Water stewardship at Olympic Dam 2019

Water stewardship at Olympic Dam

The majority of water used at Olympic Dam is supplied from the Great Artesian Basin (GAB), a resource shared with Indigenous peoples, communities, agriculture and other industries. The GAB is the largest groundwater basin in Australia, covering more than 1.7 million square km across Queensland, New South Wales, South Australia and the Northern Territory. The GAB is unique because of its naturally occurring springs, which are environmentally and culturally important. They support unique ecosystems of flora and fauna, and are significant to local Indigenous peoples.

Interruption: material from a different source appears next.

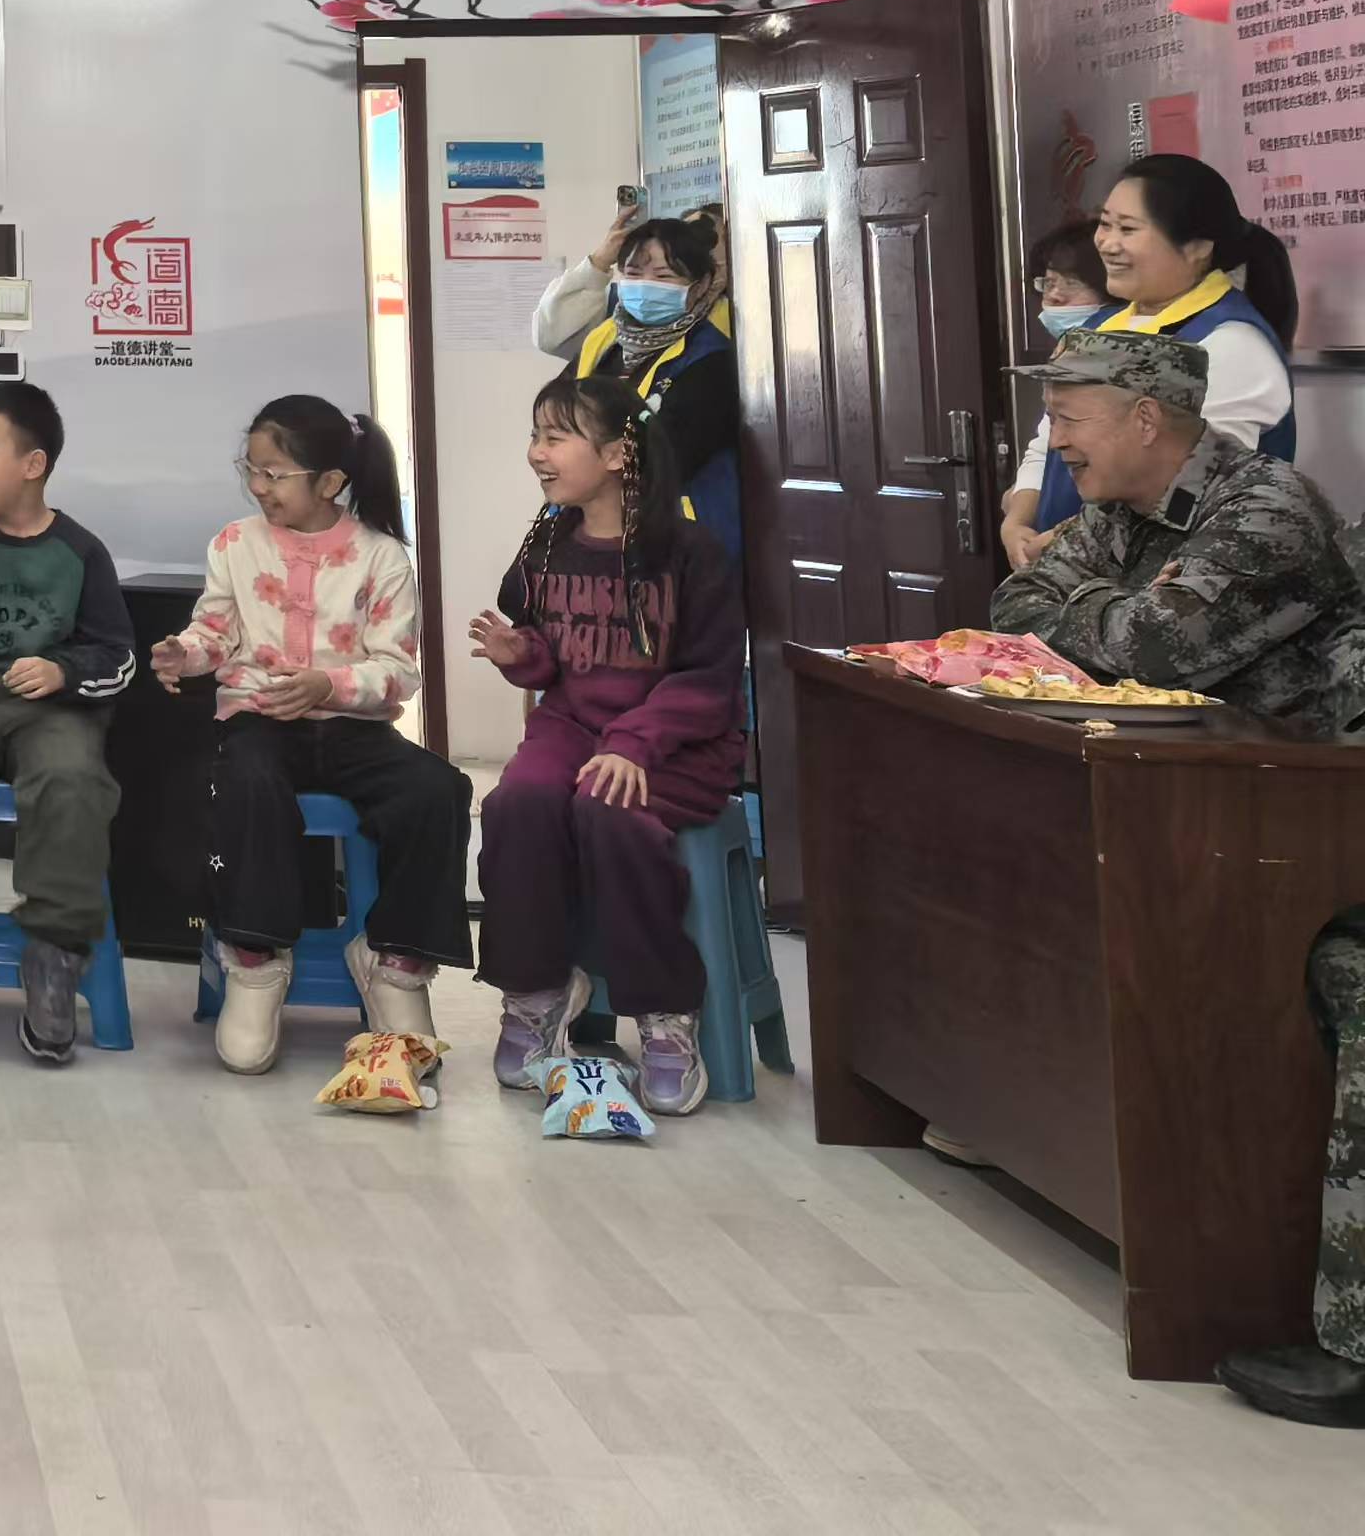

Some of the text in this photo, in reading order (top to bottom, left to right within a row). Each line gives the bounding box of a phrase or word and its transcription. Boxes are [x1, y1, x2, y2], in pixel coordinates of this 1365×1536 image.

Effective and appropriate water stewardship at Olympic Dam is not only essential to BHP’s mine’s operation, but for its long-term sustainability and contribution to social value. Ineffective management of Olympic Dam’s interactions with the GAB is a recognised catchment risk.

Types of water usage

Different types of water are used at Olympic Dam, including:

  • Drinking water: For showering, drinking and ablutions at the mine. Water from the GAB is desalinated onsite and is also supplied offsite to accommodation villages and the nearby towns of Roxby Downs and Andamooka. It is treated and monitored to ensure it meets the Australian Drinking Water Guidelines.
  • Mining: Water is used in the mine’s drilling process and for dust suppression. It is not required to be of high quality, so we use local saline aquifer water, decreasing the use of GAB water. In FY2019, approximately 2,100 meglitres of locally source saline water was used, which proportionally decreased the use of GAB water.
  • Ore processing and grinding: Water quality is important for ore processing and in most cases, water directly from the GAB is sufficient. In some cases, desalinated water must be used. About a third of GAB water used at Olympic Dam is for grinding (the process of turning large rocks into very fine particles). Once the ore has been ground, water is separated from the ore and reused. The amount recovered is monitored to ensure water reuse is maximised.
  • Smelter: The smelter uses about 25 per cent of Olympic Dam’s water, mainly in the evaporative cooling towers. The towers regulate the temperature of the cooling water that controls the temperatures of the furnaces in the smelter.
  • Acid plant: Olympic Dam produces 98 per cent sulphuric acid onsite from the sulphur dioxide produced in the smelting process. This requires high-quality water produced by treating GAB water onsite.

Managing our water impacts

We do this at Olympic Dam by:

  • Regularly monitoring the drawdown and spring flows around our abstraction wells, and by water pressure monitoring of nearby users;
  • Using modelling to predict the impact of all user activity on the GAB; and
  • Capping, repairing and restoring uncontrolled bores to recover pressure across the GAB, in conjunction with the GAB Sustainability Initiative and separately with landowners.

An inability to obtain continuous water supply is as an operational risk at Olympic Dam. This is managed by routine maintenance on all critical equipment. We also monitor our water use daily to prevent an unplanned increase in water consumption.

We recover and reuse water by:

  • reusing the rejected water from desalination in the processing plant;
  • reusing water that accumulates in the underground mine for drilling;
  • reusing liquor from tailings in the processing plant; and
  • recovering and reusing water from the grinding process.